Return each entry word for word. Leave the images out.

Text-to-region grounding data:
Segment Open
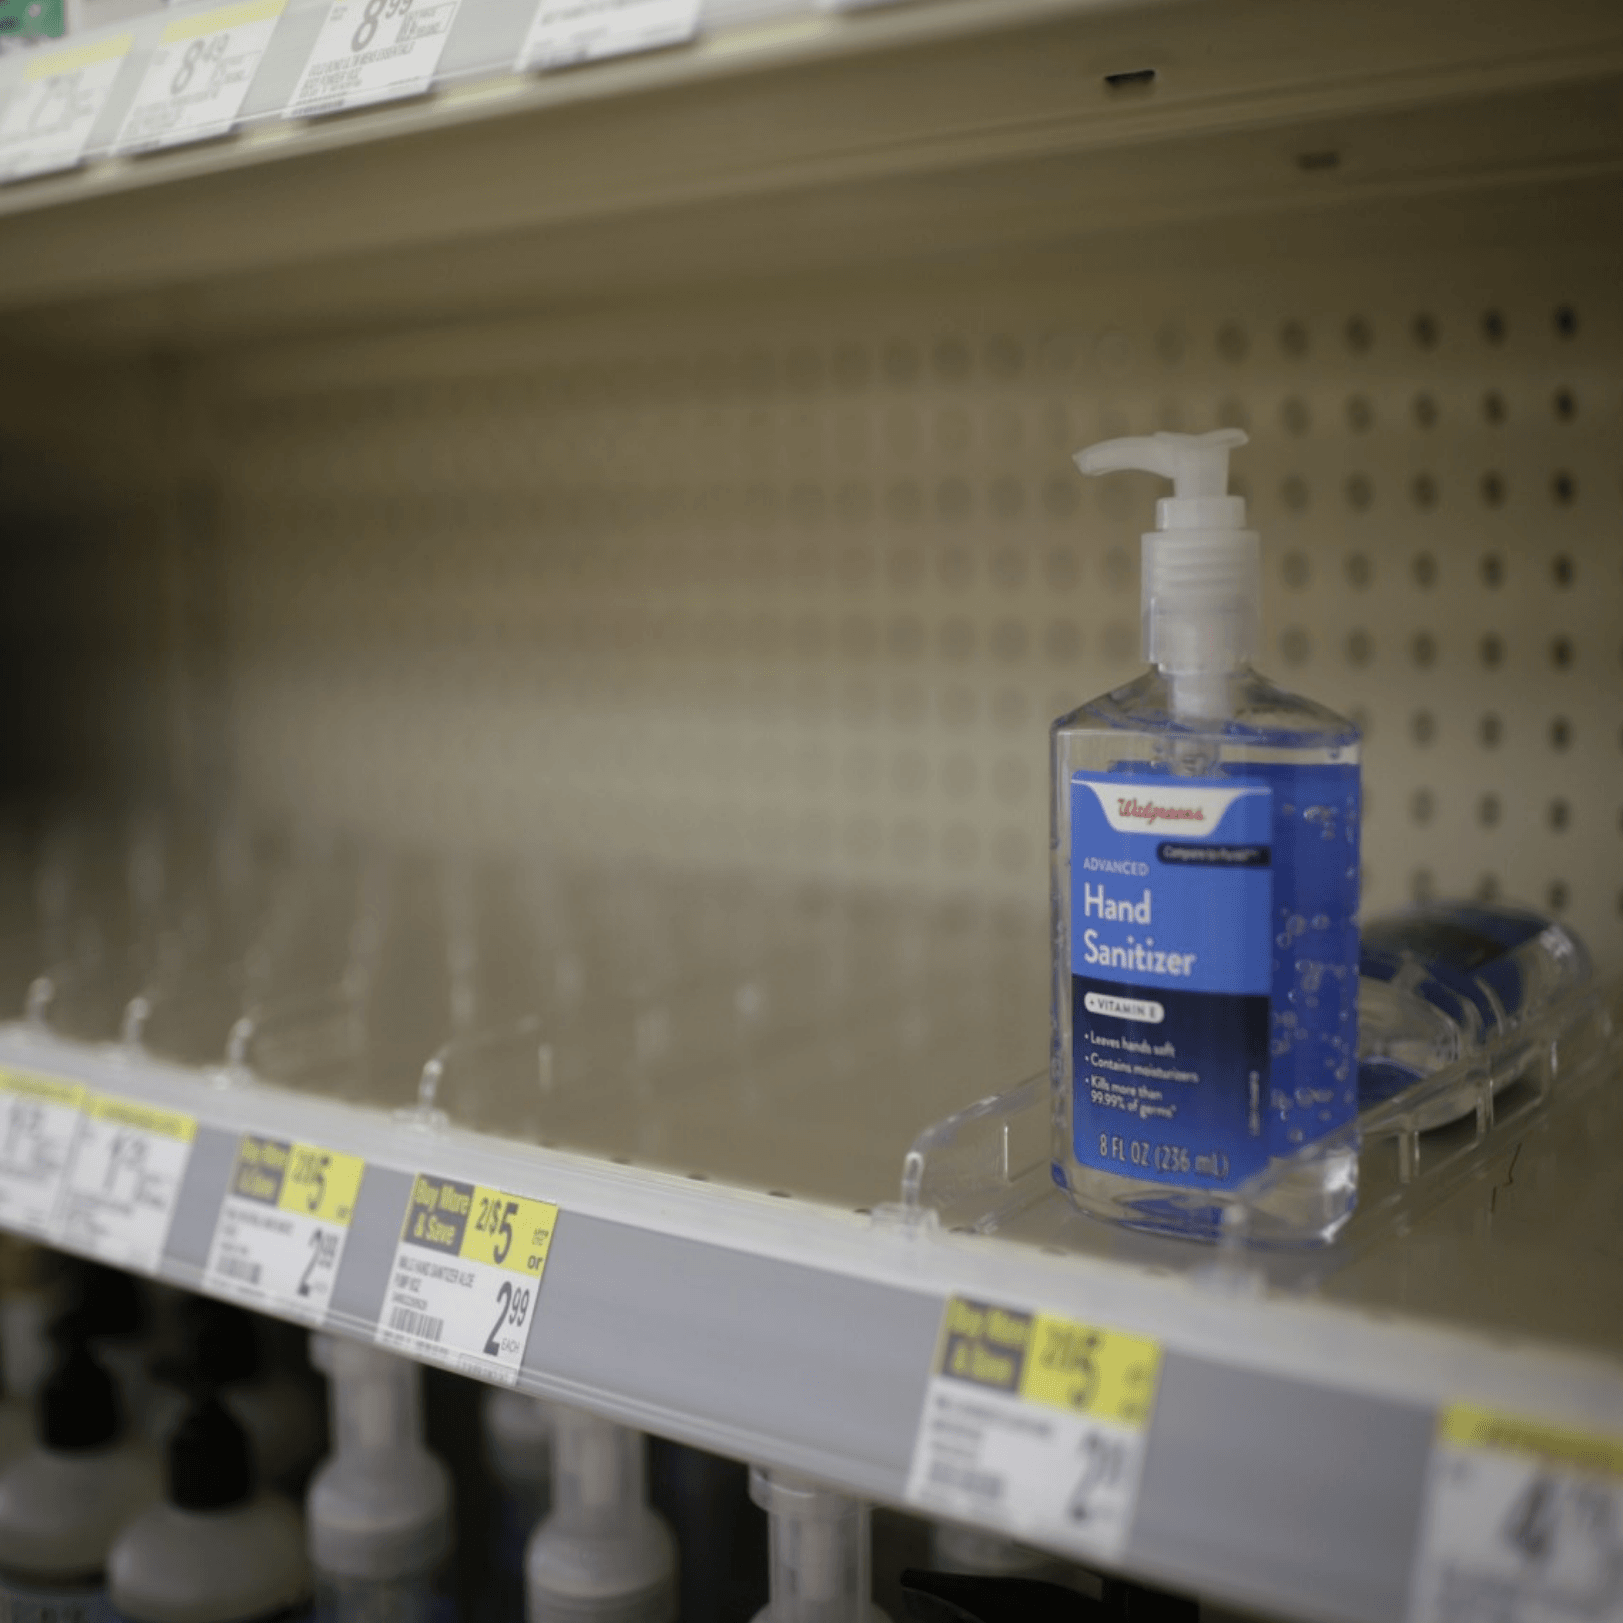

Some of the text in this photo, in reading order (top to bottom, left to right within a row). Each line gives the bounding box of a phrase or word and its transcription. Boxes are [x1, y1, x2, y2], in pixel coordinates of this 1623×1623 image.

[1117, 799, 1205, 825] Walgreens
[1082, 857, 1150, 877] ADVANCED
[1084, 882, 1152, 925] Hand
[1083, 928, 1198, 977] Sanitizer
[1097, 999, 1146, 1017] VITAMIN
[1149, 1004, 1156, 1019] E
[1090, 1031, 1121, 1050] Leaves
[1122, 1036, 1152, 1055] hands
[1090, 1053, 1200, 1084] Contains moisturizers
[1090, 1090, 1125, 1110] 99.99%
[1127, 1099, 1139, 1112] of
[1091, 1075, 1163, 1101] Kills more than
[1100, 1133, 1108, 1157] 8
[1112, 1136, 1126, 1162] FL
[1130, 1140, 1150, 1167] OZ
[1154, 1145, 1191, 1173] (236
[412, 1177, 471, 1215] Buy More
[425, 1214, 457, 1246] Save
[527, 1255, 543, 1270] or
[501, 1337, 520, 1353] EACH
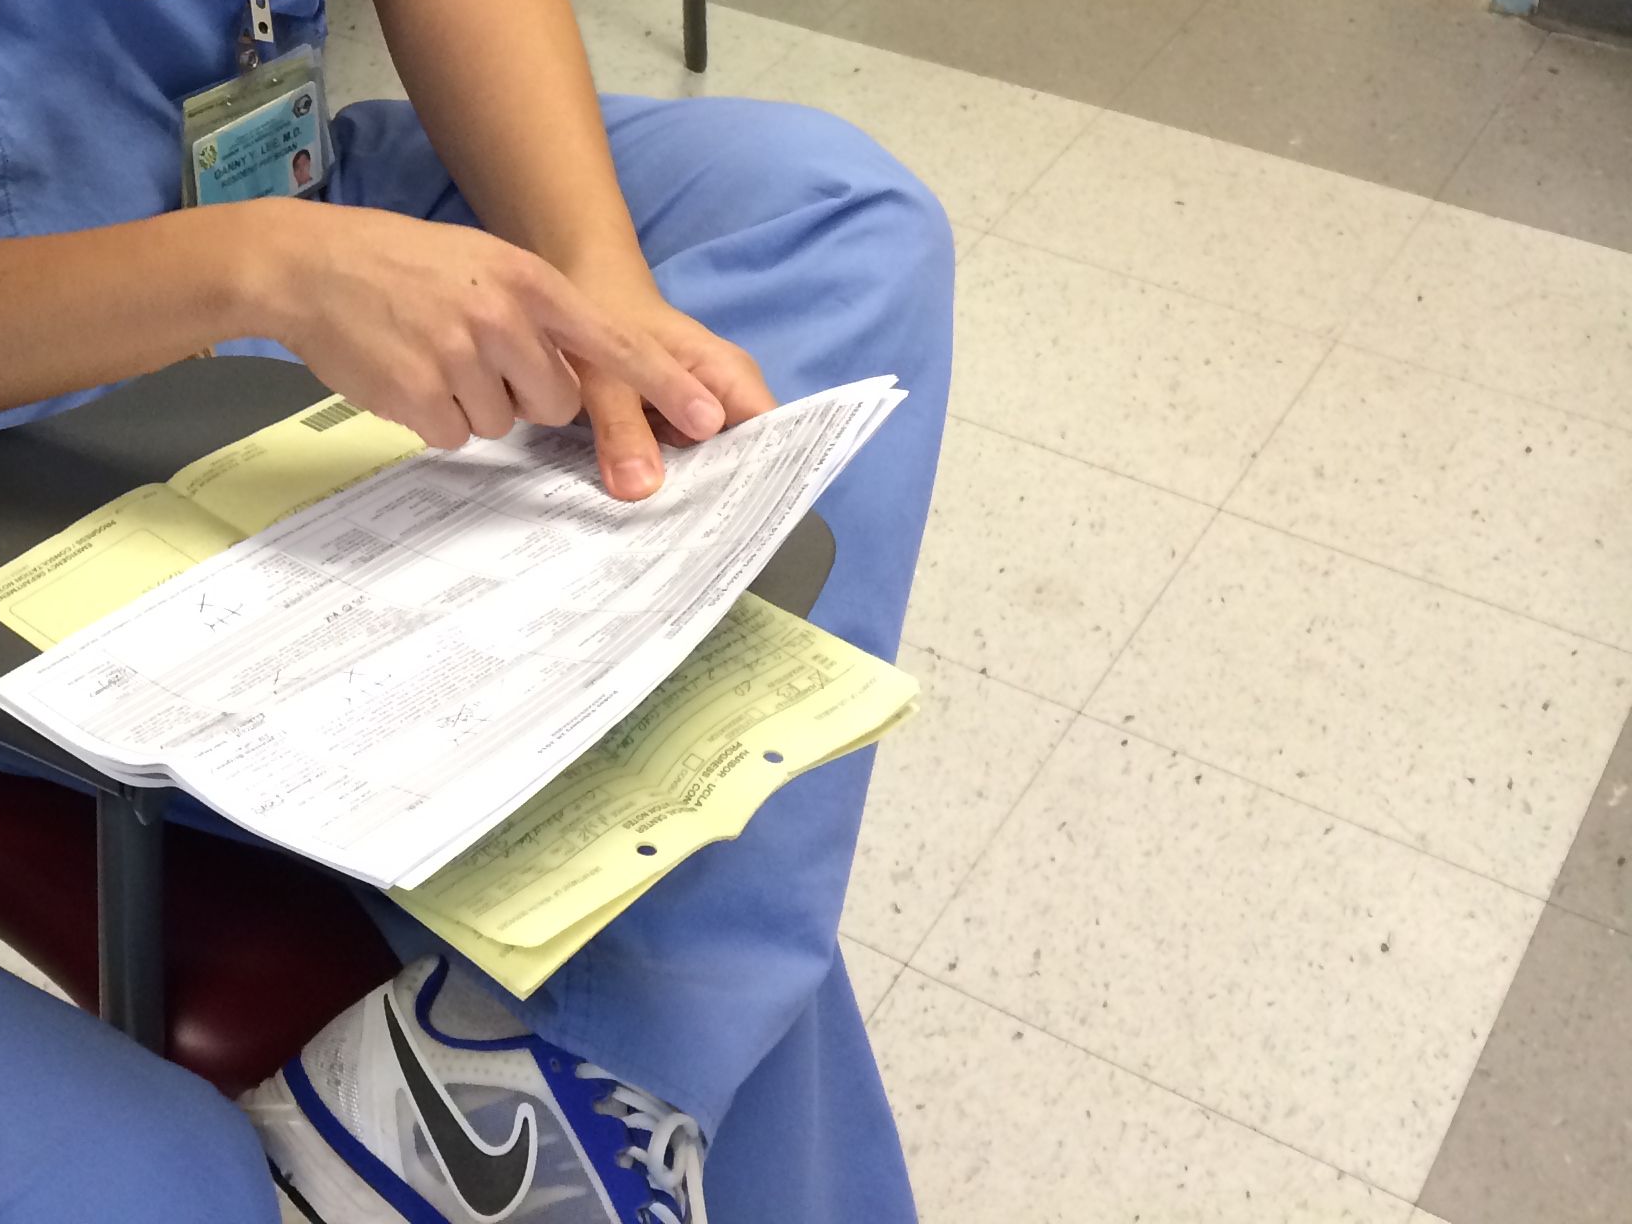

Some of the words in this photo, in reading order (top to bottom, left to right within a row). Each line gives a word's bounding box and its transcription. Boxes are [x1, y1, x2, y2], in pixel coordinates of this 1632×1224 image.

[75, 519, 116, 546] PROGRESS
[13, 545, 71, 583] CONSULTATION
[46, 541, 92, 573] EMERGENCY
[700, 739, 742, 779] PROGRESS
[716, 748, 749, 779] HARBOR
[692, 781, 716, 808] UCLA
[621, 809, 649, 830] NOTES
[635, 811, 667, 835] CENTER
Segment Closed
Written solution:
Some of the text in this photo, in reading order (top to bottom, left to right within a row). Each line gives the bounding box of a phrase or word and its transcription. Boxes are [x1, y1, x2, y2], in pixel coordinates of this 1623×1623 image.

[1117, 799, 1205, 825] Walgreens
[1082, 857, 1150, 877] ADVANCED
[1084, 882, 1152, 925] Hand
[1083, 928, 1198, 977] Sanitizer
[1097, 999, 1146, 1017] VITAMIN
[1149, 1004, 1156, 1019] E
[1090, 1031, 1121, 1050] Leaves
[1122, 1036, 1152, 1055] hands
[1090, 1053, 1200, 1084] Contains moisturizers
[1090, 1090, 1125, 1110] 99.99%
[1127, 1099, 1139, 1112] of
[1091, 1075, 1163, 1101] Kills more than
[1100, 1133, 1108, 1157] 8
[1112, 1136, 1126, 1162] FL
[1130, 1140, 1150, 1167] OZ
[1154, 1145, 1191, 1173] (236
[412, 1177, 471, 1215] Buy More
[425, 1214, 457, 1246] Save
[527, 1255, 543, 1270] or
[501, 1337, 520, 1353] EACH

Some of the words in this photo, in reading order (top to bottom, left to right within a row). Each line gives a word's bounding box and its transcription. Boxes are [x1, y1, x2, y2], in pixel coordinates of this 1632×1224 image.

[75, 519, 116, 546] PROGRESS
[13, 545, 71, 583] CONSULTATION
[46, 541, 92, 573] EMERGENCY
[700, 739, 742, 779] PROGRESS
[716, 748, 749, 779] HARBOR
[692, 781, 716, 808] UCLA
[621, 809, 649, 830] NOTES
[635, 811, 667, 835] CENTER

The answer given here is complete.